(Image-backed grounding data)
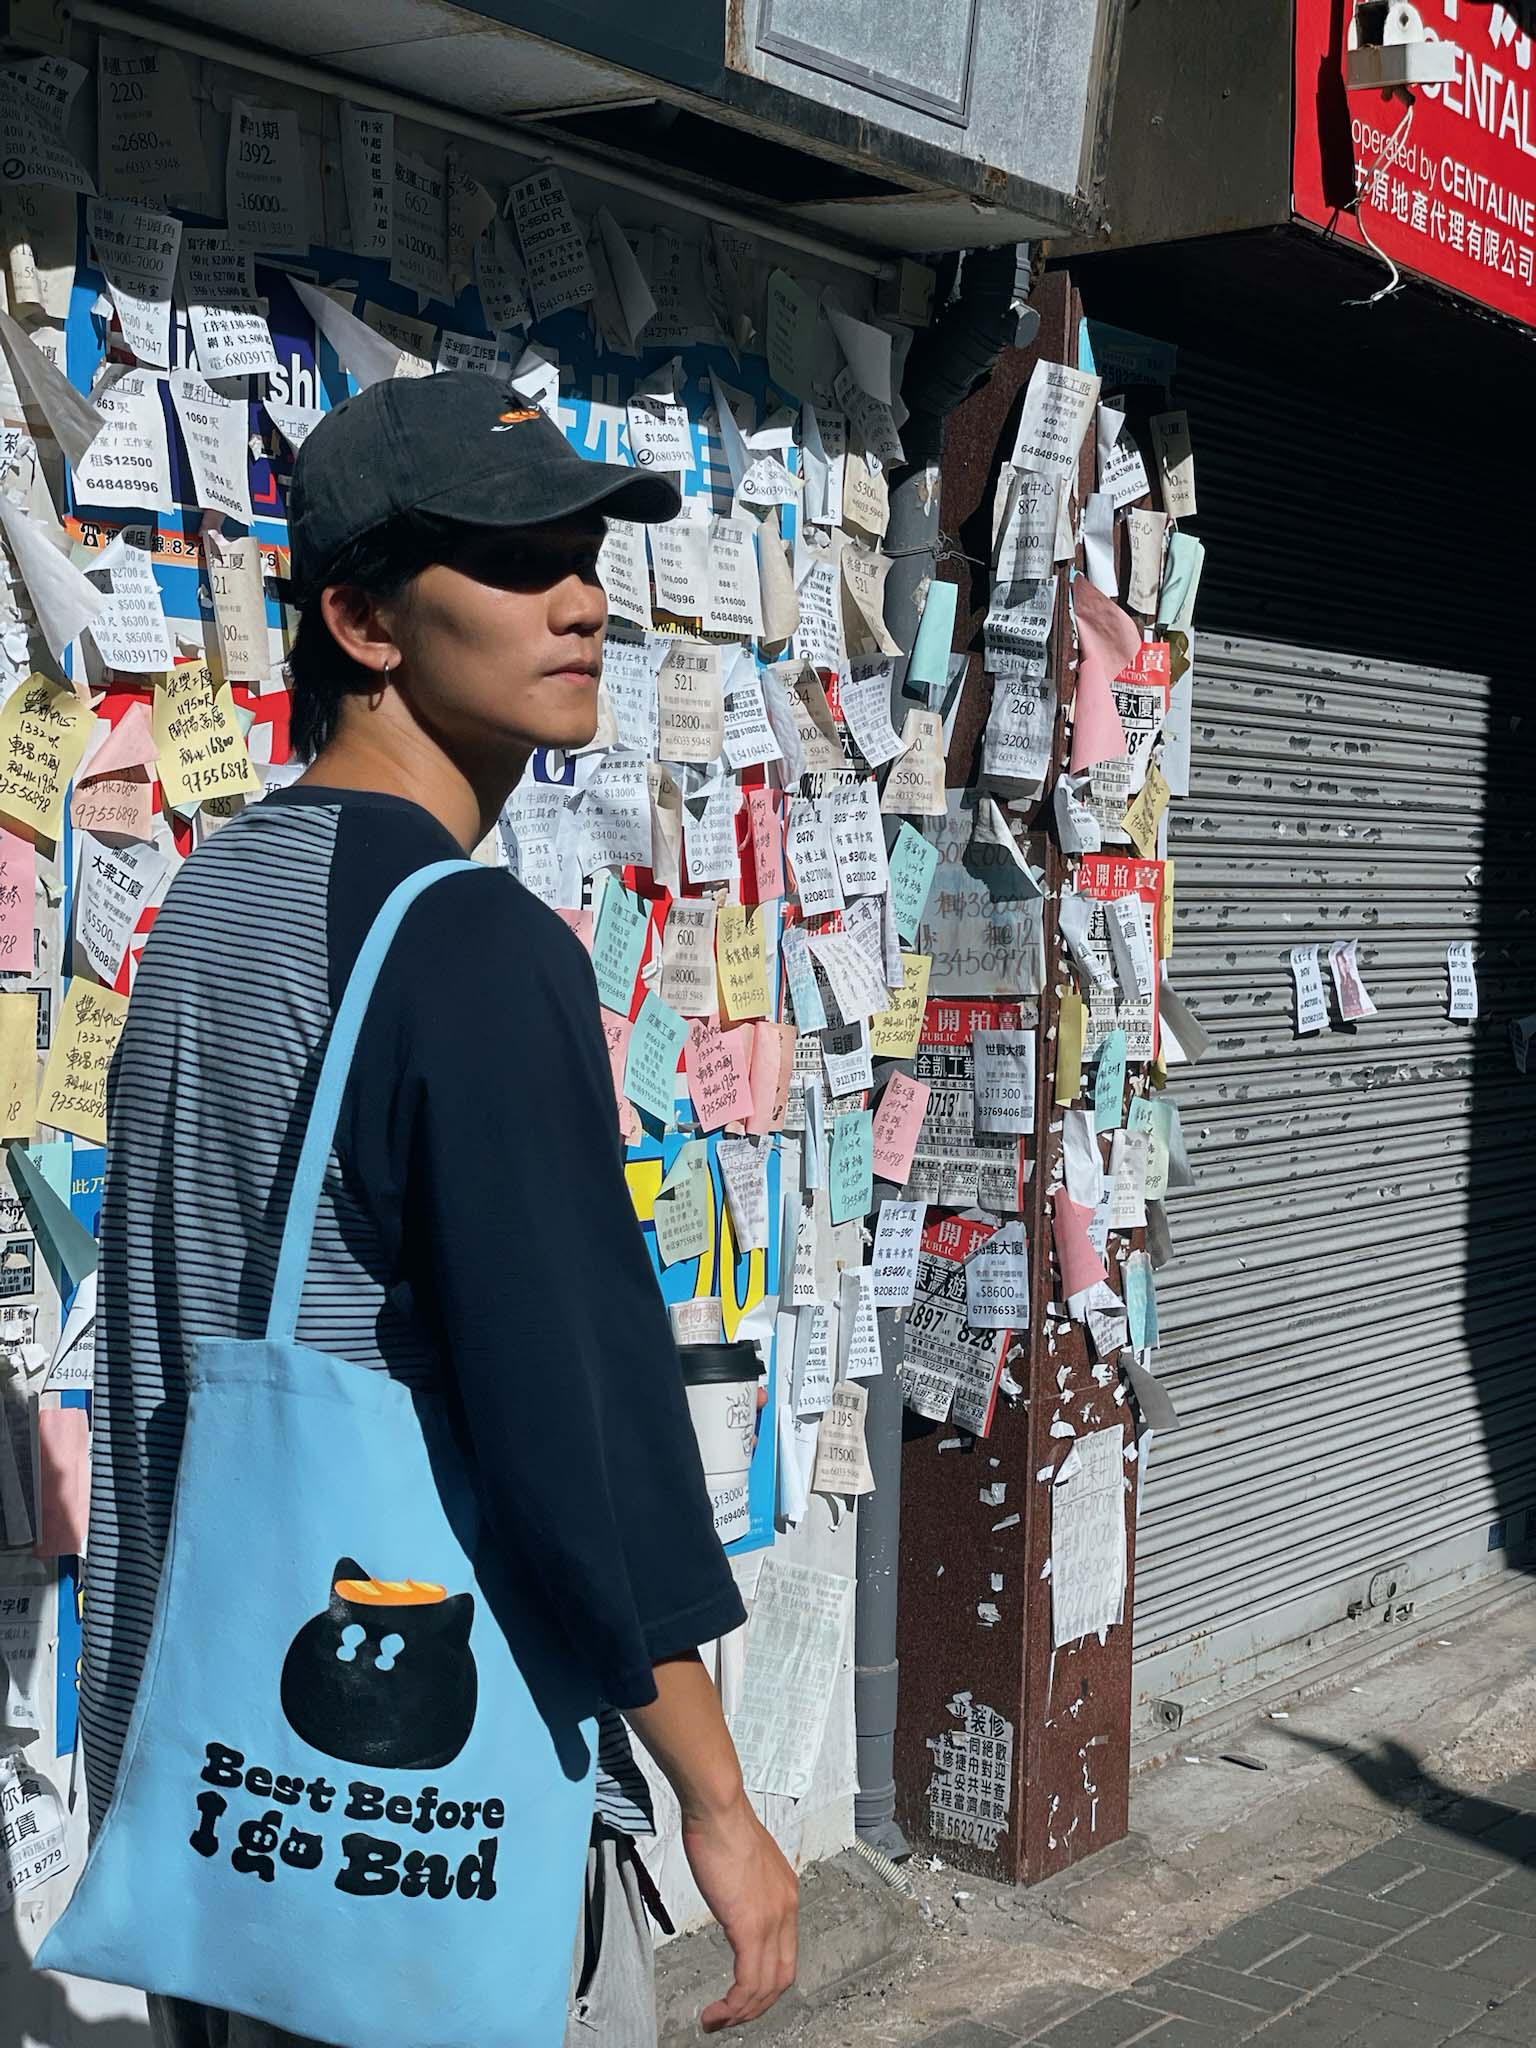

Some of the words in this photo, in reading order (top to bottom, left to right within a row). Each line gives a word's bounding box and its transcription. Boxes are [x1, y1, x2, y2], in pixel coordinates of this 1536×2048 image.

[111, 81, 144, 103] 220
[1351, 119, 1416, 173] operated
[1420, 148, 1438, 191] by
[1441, 156, 1535, 238] CENTALINE
[181, 382, 232, 408] 豐利中心
[184, 410, 209, 426] 1060
[89, 453, 154, 469] 租$12500
[1020, 444, 1074, 466] 64848996
[86, 477, 160, 494] 64848996
[710, 611, 754, 624] 64848996
[112, 649, 168, 664] 68039179
[674, 673, 693, 691] 521
[1011, 700, 1035, 717] 260
[670, 713, 700, 729] 12800
[1002, 733, 1031, 750] 3200
[181, 760, 249, 794] 97556898
[895, 771, 924, 786] 5500
[75, 803, 139, 828] 97556898
[92, 855, 144, 900] 大眾工廈
[1079, 863, 1161, 891] 公開拍賣
[87, 908, 113, 944] $5500
[677, 929, 694, 946] 600
[675, 969, 695, 984] 8000
[921, 1031, 957, 1044] PUBLIC
[984, 1087, 1021, 1101] $11300
[977, 1106, 1021, 1119] 93769406
[873, 1286, 910, 1297] 82082102
[980, 1285, 1015, 1299] $8600
[972, 1304, 1017, 1317] 67176653
[55, 1367, 95, 1380] 541044
[831, 1410, 853, 1427] 1195
[829, 1446, 855, 1463] 17500
[713, 1505, 747, 1528] 3769406
[953, 1745, 968, 1811] 捷妥當
[200, 1742, 337, 1813] Best
[344, 1781, 505, 1834] Before
[947, 1814, 975, 1842] 5622
[189, 1790, 227, 1857] I
[231, 1810, 323, 1882] go
[334, 1832, 498, 1901] Bad
[7, 1867, 32, 1894] 9121
[34, 1848, 63, 1875] 8779

• [Try it]
Please repeat the entries above exactly, leaving out any pictures.

• [Solution for this exercise]
Some of the words in this photo, in reading order (top to bottom, left to right within a row). Each line gives a word's bounding box and its transcription. Boxes are [x1, y1, x2, y2], in pixel coordinates of this 1536×2048 image.

[111, 81, 144, 103] 220
[1351, 119, 1416, 173] operated
[1420, 148, 1438, 191] by
[1441, 156, 1535, 238] CENTALINE
[181, 382, 232, 408] 豐利中心
[184, 410, 209, 426] 1060
[89, 453, 154, 469] 租$12500
[1020, 444, 1074, 466] 64848996
[86, 477, 160, 494] 64848996
[710, 611, 754, 624] 64848996
[112, 649, 168, 664] 68039179
[674, 673, 693, 691] 521
[1011, 700, 1035, 717] 260
[670, 713, 700, 729] 12800
[1002, 733, 1031, 750] 3200
[181, 760, 249, 794] 97556898
[895, 771, 924, 786] 5500
[75, 803, 139, 828] 97556898
[92, 855, 144, 900] 大眾工廈
[1079, 863, 1161, 891] 公開拍賣
[87, 908, 113, 944] $5500
[677, 929, 694, 946] 600
[675, 969, 695, 984] 8000
[921, 1031, 957, 1044] PUBLIC
[984, 1087, 1021, 1101] $11300
[977, 1106, 1021, 1119] 93769406
[873, 1286, 910, 1297] 82082102
[980, 1285, 1015, 1299] $8600
[972, 1304, 1017, 1317] 67176653
[55, 1367, 95, 1380] 541044
[831, 1410, 853, 1427] 1195
[829, 1446, 855, 1463] 17500
[713, 1505, 747, 1528] 3769406
[953, 1745, 968, 1811] 捷妥當
[200, 1742, 337, 1813] Best
[344, 1781, 505, 1834] Before
[947, 1814, 975, 1842] 5622
[189, 1790, 227, 1857] I
[231, 1810, 323, 1882] go
[334, 1832, 498, 1901] Bad
[7, 1867, 32, 1894] 9121
[34, 1848, 63, 1875] 8779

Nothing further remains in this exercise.